What you will do>
Return each of the entries below precisely, with no pictures in the result.

** Opening Exercise materials block **

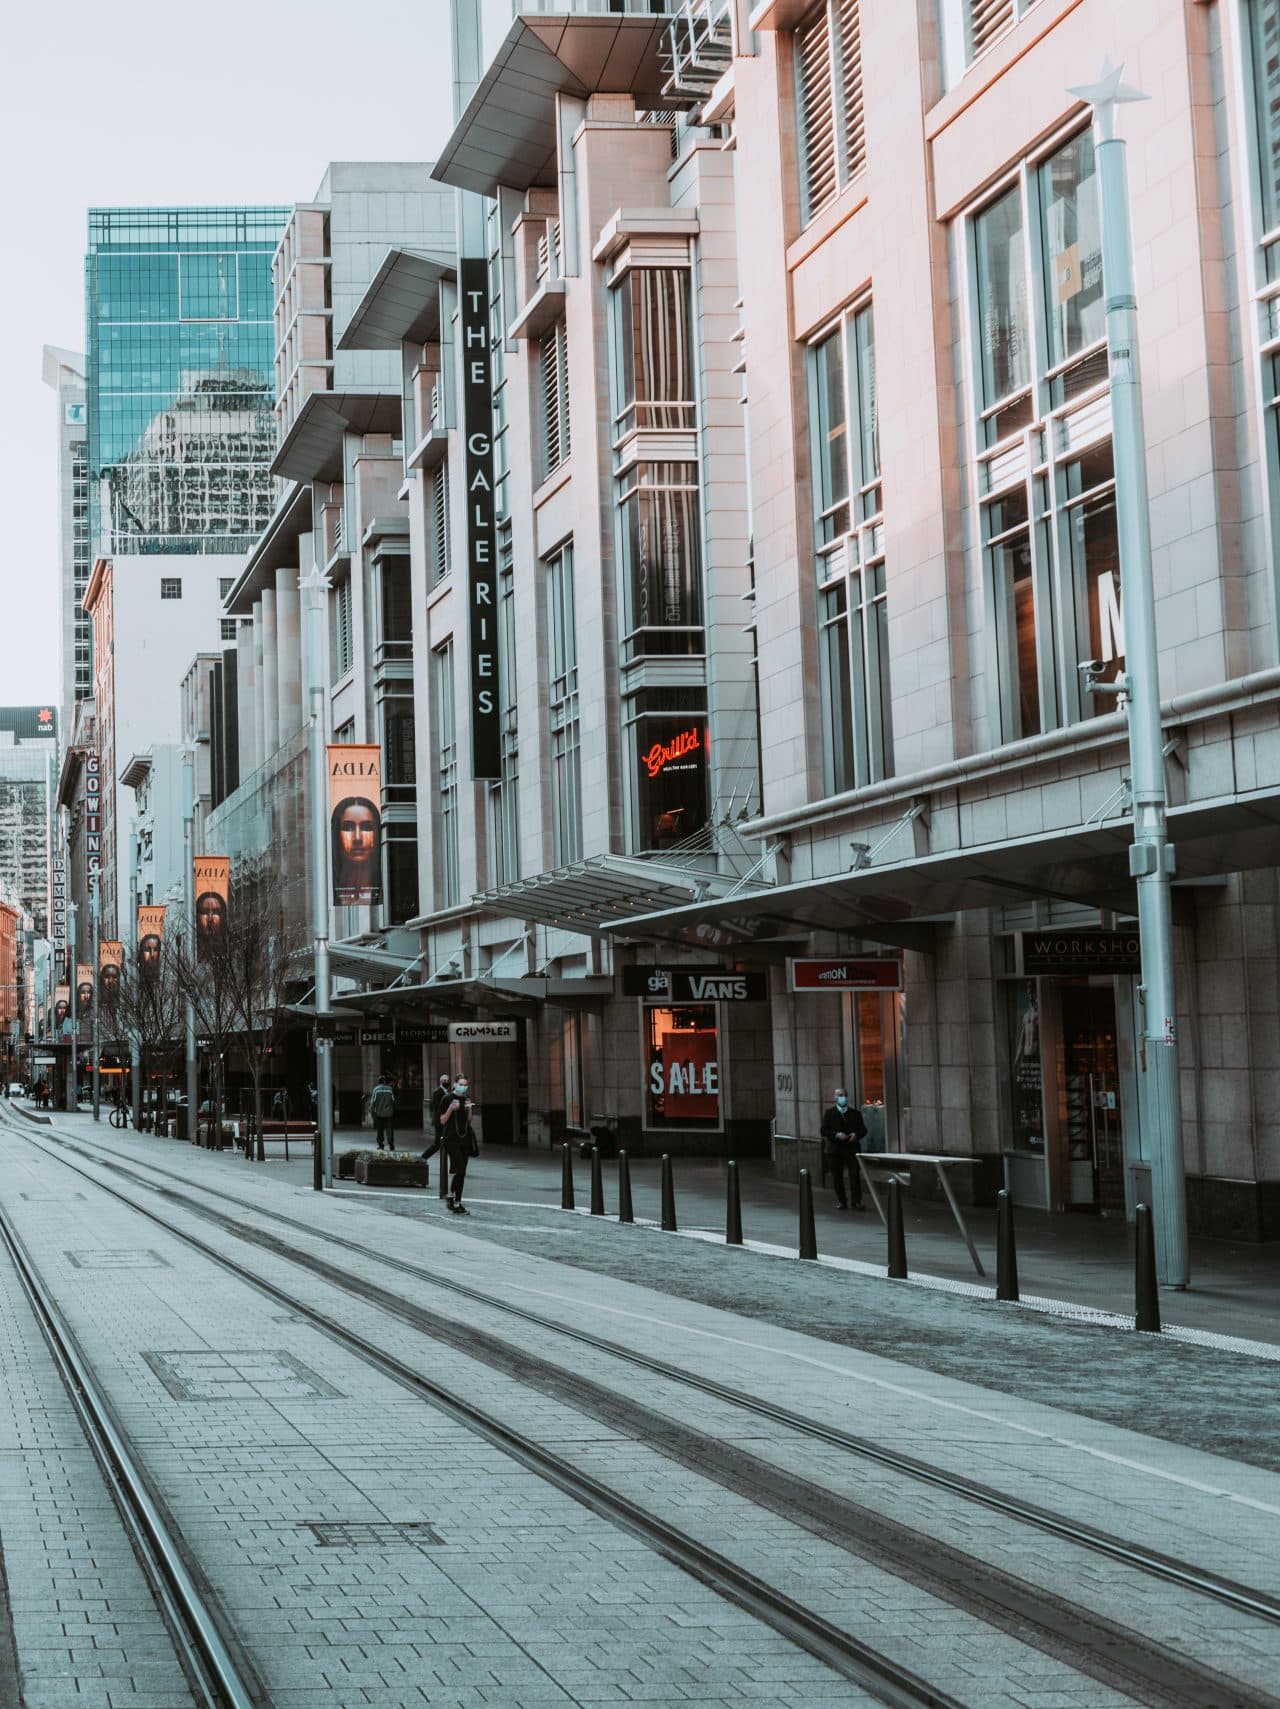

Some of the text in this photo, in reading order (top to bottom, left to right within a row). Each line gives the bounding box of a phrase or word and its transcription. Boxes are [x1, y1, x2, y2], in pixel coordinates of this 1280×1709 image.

[466, 290, 494, 713] THE GALERIES
[38, 724, 53, 732] nab
[55, 861, 65, 947] DYMOCKS
[688, 976, 748, 1000] VANS
[456, 1027, 510, 1037] CRUMPLER
[651, 1062, 719, 1095] SALE
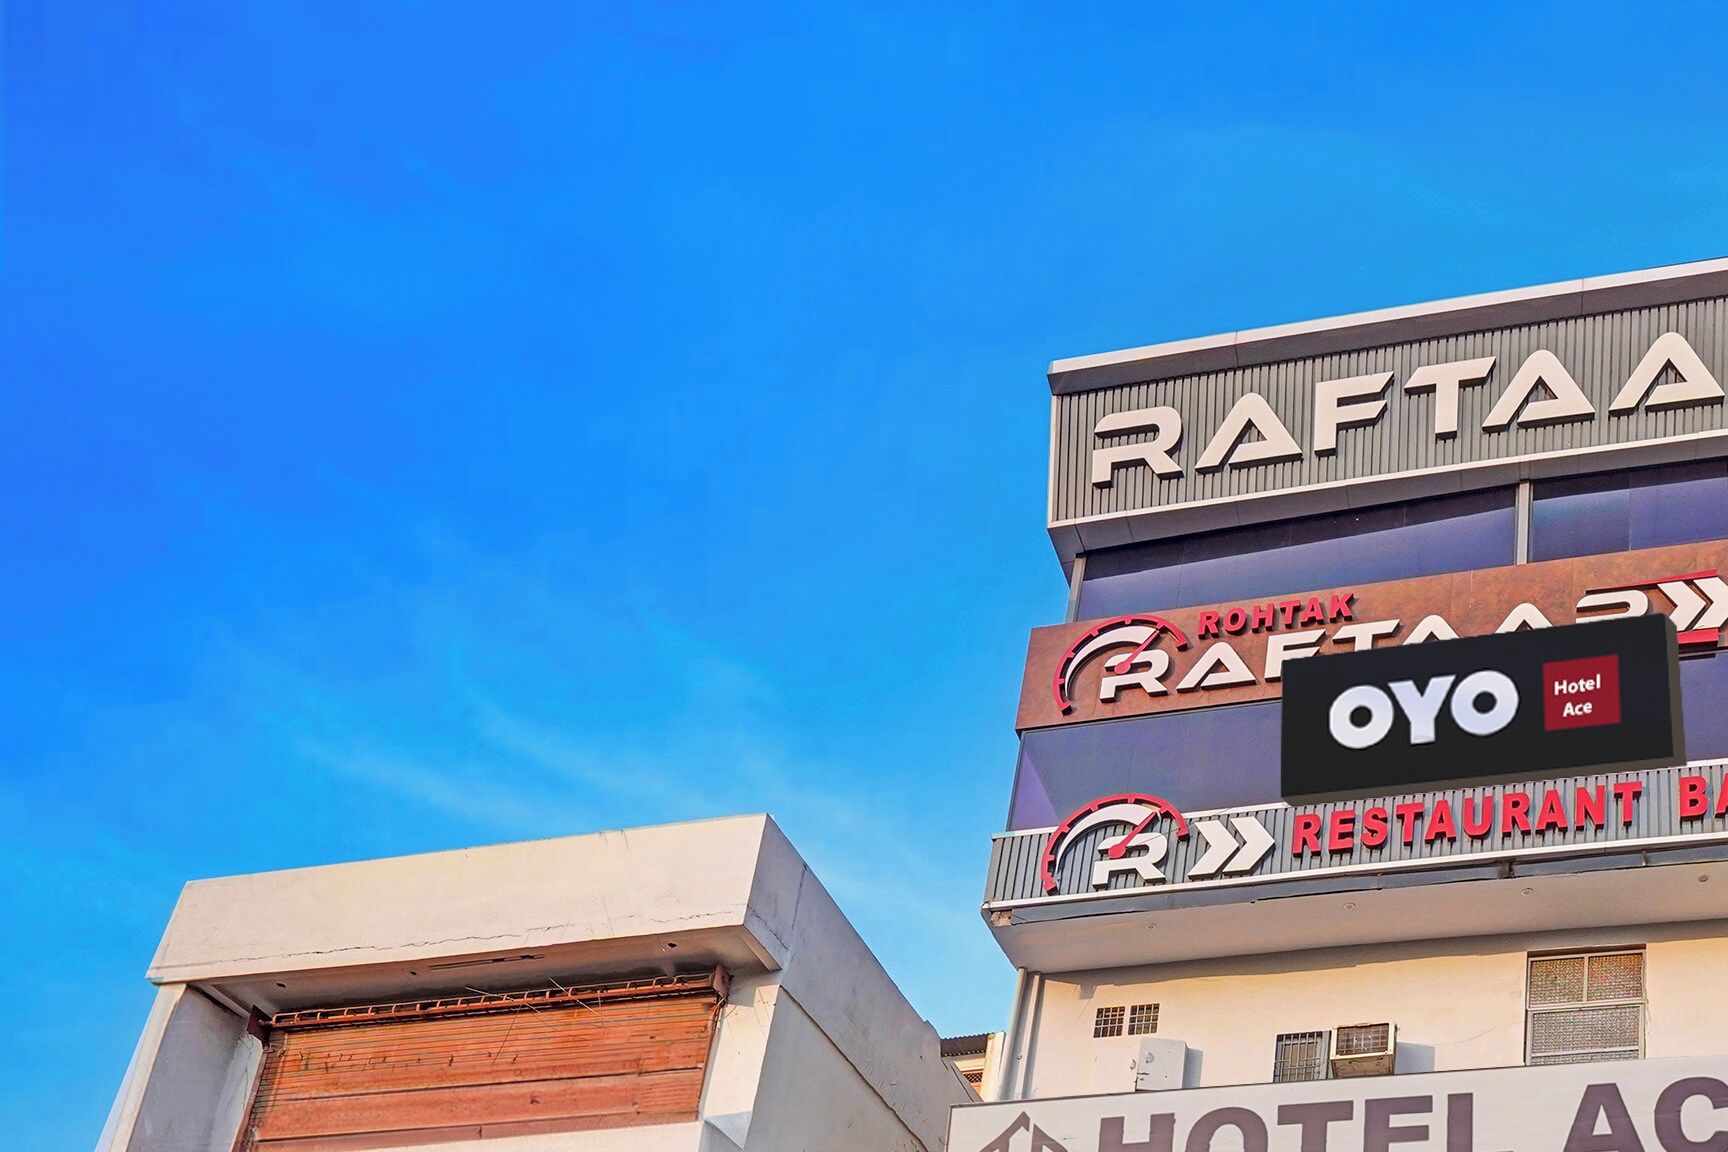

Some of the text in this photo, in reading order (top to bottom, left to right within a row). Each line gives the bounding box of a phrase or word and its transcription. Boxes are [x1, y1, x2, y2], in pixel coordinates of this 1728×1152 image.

[1198, 592, 1354, 640] ROHTAK
[1329, 669, 1602, 749] OYO Hotel
[1562, 701, 1593, 718] Ace
[1291, 780, 1643, 857] RESTAURANT
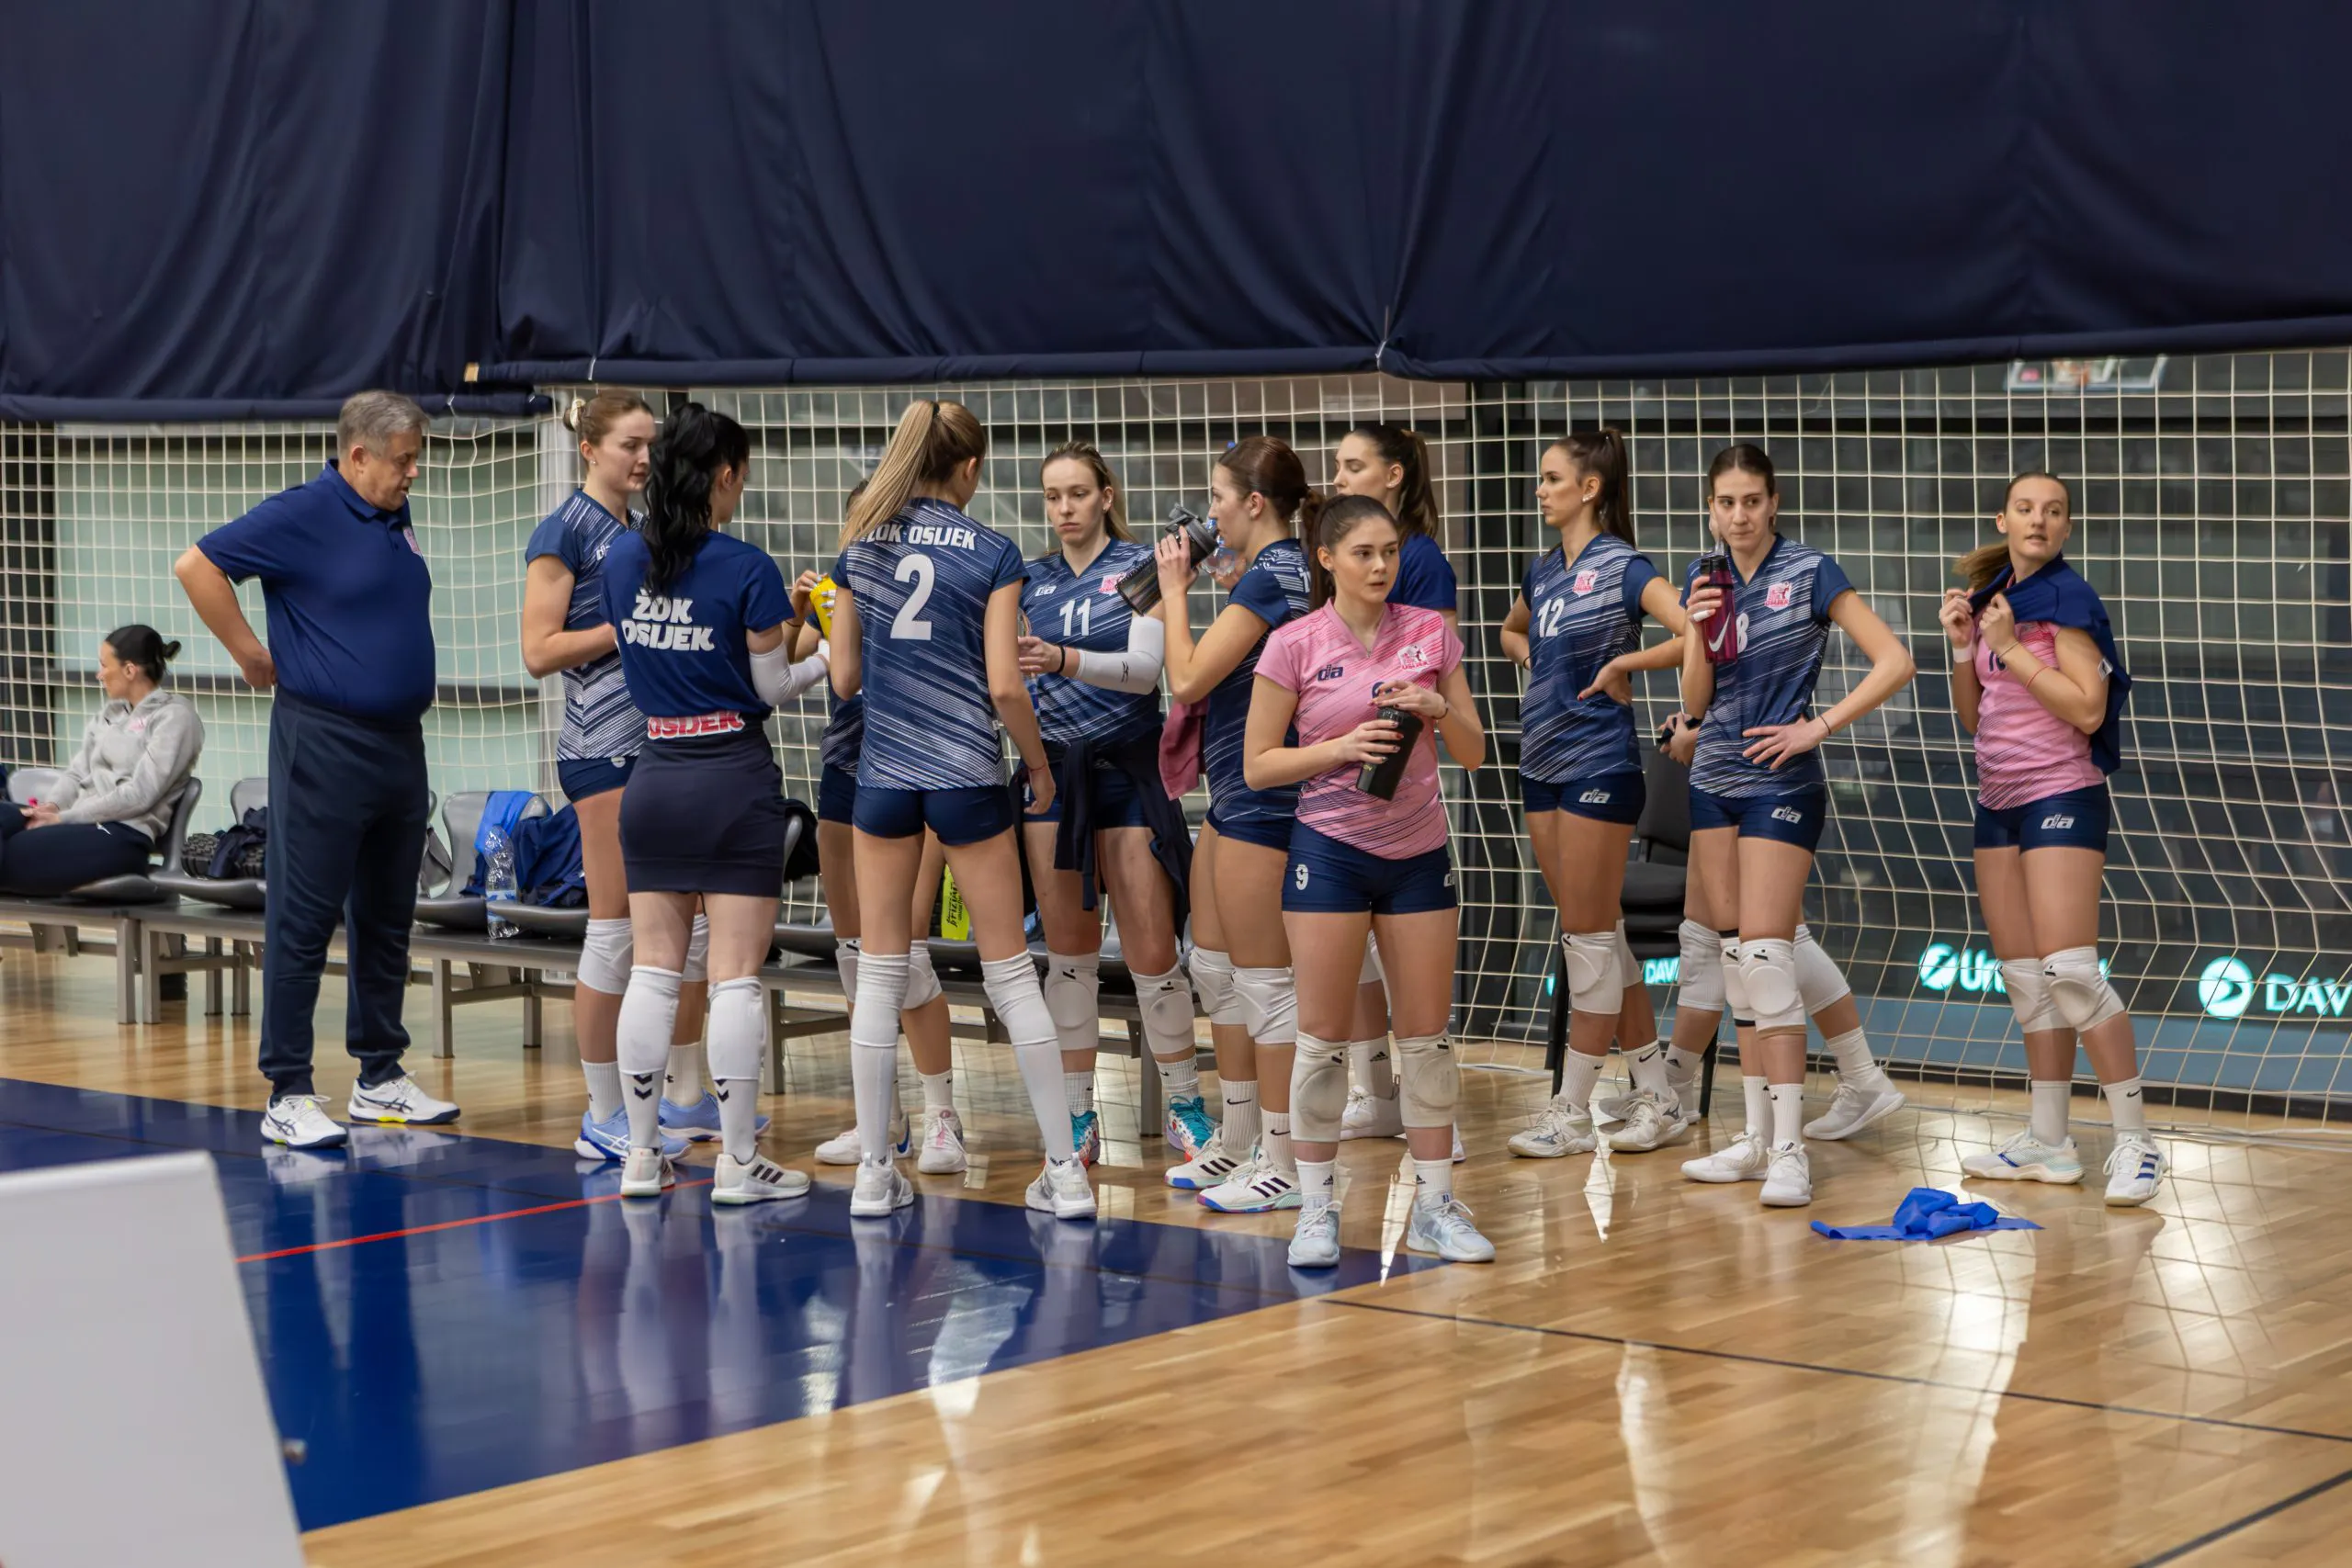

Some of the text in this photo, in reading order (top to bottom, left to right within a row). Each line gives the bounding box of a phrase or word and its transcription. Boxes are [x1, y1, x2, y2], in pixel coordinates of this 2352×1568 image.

[908, 525, 977, 551] OSIJEK
[889, 553, 934, 640] 2
[1059, 598, 1091, 637] 11
[1537, 598, 1565, 637] 12
[621, 619, 715, 651] OSIJEK
[648, 710, 745, 739] OSIJEK
[1295, 864, 1309, 891] 9
[1645, 958, 1679, 984] DAV

** Closing Exercise materials block **

Problem solution>
Some of the text in this photo, in reading order (top to bottom, left to right within a row). Each line gives the bounding box of a phrase or word and its transcription. Boxes are [x1, y1, x2, y2], in pixel coordinates of this 1280×1709 image.

[466, 290, 494, 713] THE GALERIES
[38, 724, 53, 732] nab
[55, 861, 65, 947] DYMOCKS
[688, 976, 748, 1000] VANS
[456, 1027, 510, 1037] CRUMPLER
[651, 1062, 719, 1095] SALE

Some of the text in this photo, in reading order (top to bottom, left to right within a row). Each line gives the bounding box of a phrase or word and its transcription. Boxes are [x1, y1, x2, y2], in pixel coordinates of this 1728×1152 image.

[1198, 592, 1354, 640] ROHTAK
[1329, 669, 1602, 749] OYO Hotel
[1562, 701, 1593, 718] Ace
[1291, 780, 1643, 857] RESTAURANT

Some of the text in this photo, in reading order (top to bottom, left to right within a row). Each line gives the bounding box of a phrase or word and its transcription. Boxes are [x1, y1, x2, y2], in pixel coordinates of this 2352×1568 image.

[908, 525, 977, 551] OSIJEK
[889, 553, 934, 640] 2
[1059, 598, 1091, 637] 11
[1537, 598, 1565, 637] 12
[621, 619, 715, 651] OSIJEK
[648, 710, 745, 739] OSIJEK
[1295, 864, 1309, 891] 9
[1645, 958, 1679, 984] DAV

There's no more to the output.